DNA-Coupled AuNPs@CuMOF for Sensitive Electrochemical Detection of Carcinoembryonic Antigen

Detecting preinvasive tumors before the onset of advanced clinical symptoms represents a critical advancement in improving the efficacy of early medical interventions and reducing cancer-related mortality rates. Immunosensors have emerged as the preferred choice for analyzing oncomarkers and meeting the ever-increasing demands of medical diagnostics. Therefore, the quest for the development of highly specific and sensitive immunosensors remains most sought-after to open new avenues for personalized healthcare and medical monitoring. Here, we report amplification-free and nonlabeled DNA framework-coupled AuNPs@CuMOF for ultrasensitive and highly specific electrochemical detection of carcinoembryonic antigen (CEA). Upon the CEA concentration variation from 0.0001 to 200 ng mL–1, the proposed biosensor led to a limit of detection (LOD) of 0.25 pg mL–1, surpassing most previously published CEA biosensors that rely on amplification-free methods and aligns with those based on amplification techniques.

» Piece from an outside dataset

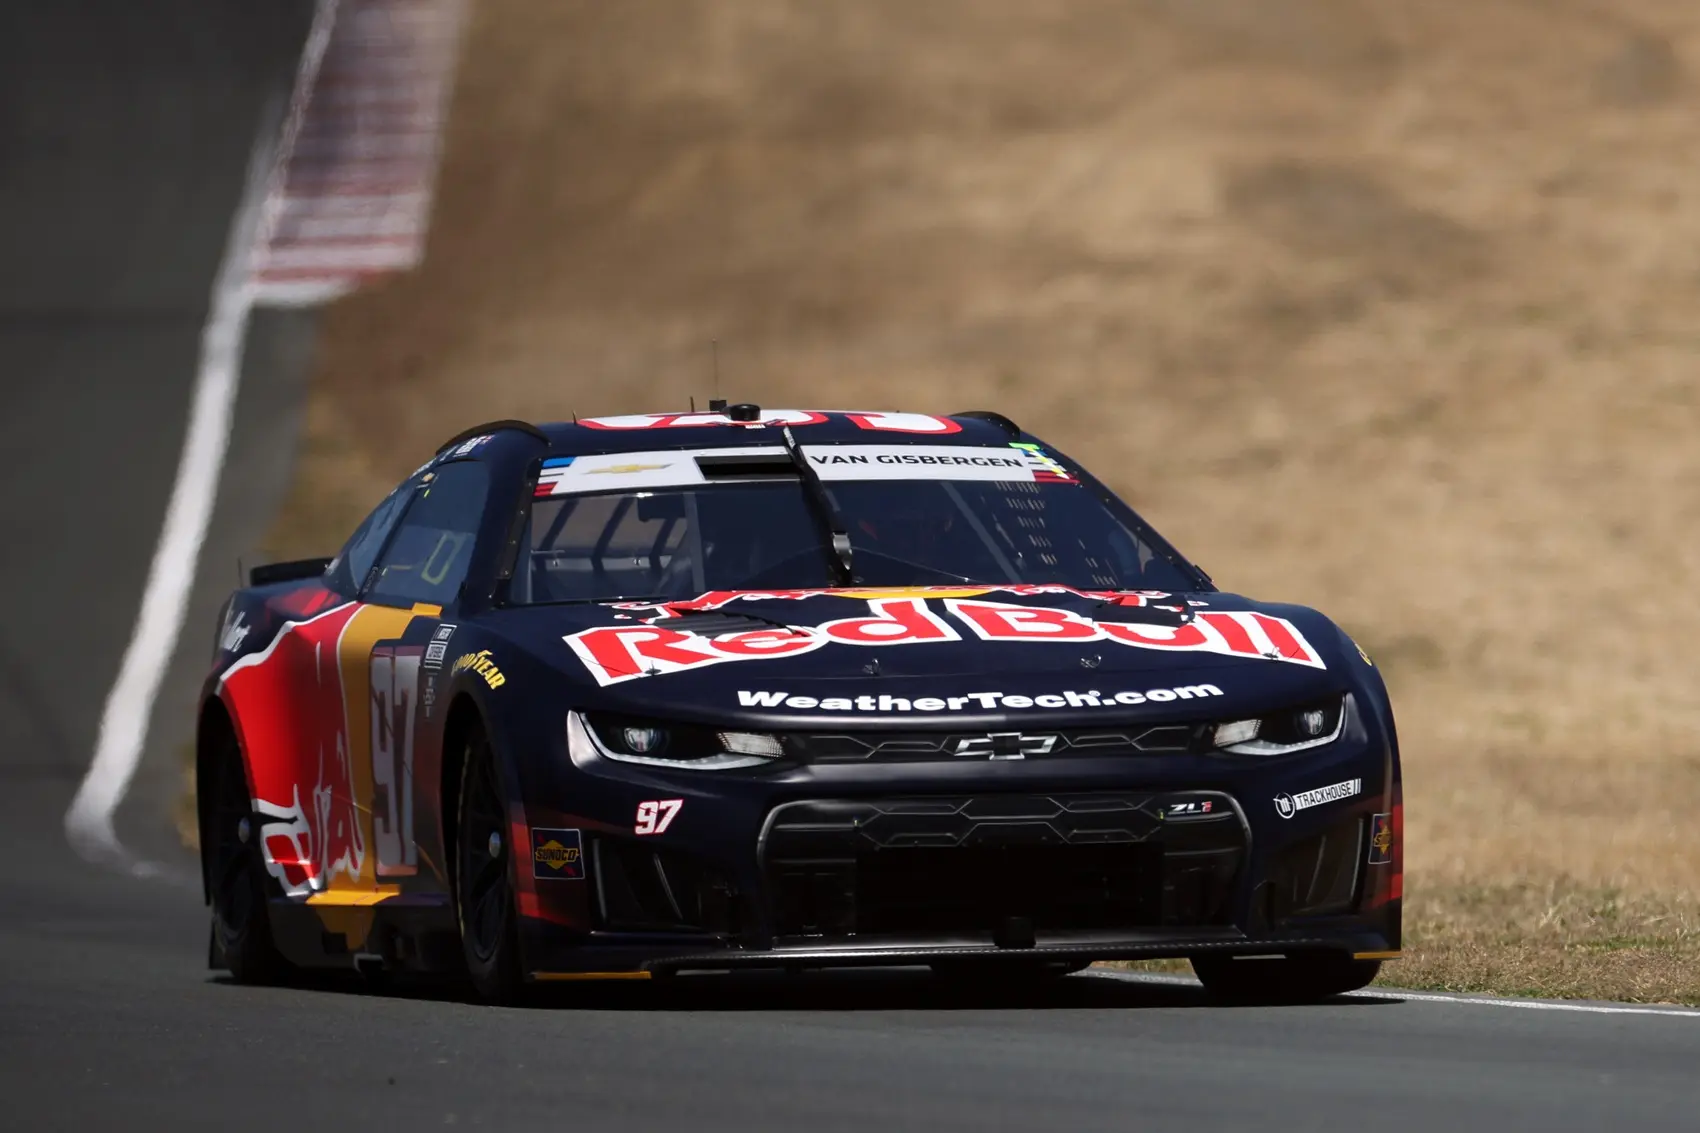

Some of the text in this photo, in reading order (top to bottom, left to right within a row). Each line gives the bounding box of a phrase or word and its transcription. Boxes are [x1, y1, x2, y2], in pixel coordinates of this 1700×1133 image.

Furthermore, the suggested CEA immunosensor demonstrated auspiciously high specificity and sensitivity in detecting CEA in human serum comparable to the commercial ELISA within a relative error falling between 6.25% and 2.26%. The proposed analytical approach, hinging on the synergy effect of the CuMOF's large surface area and the mechanical rigidity of the three-dimensional tetrahedron DNA structured probes (3D TDNA), obviously broadens the potential of immunosensors, offering higher sensitivity and lower LOD. Therefore, this work is not only an expansion of CuMOF exploitation in electrochemical biosensing but also a major milestone in detecting diverse biomarkers in clinical settings for tumor diagnosis.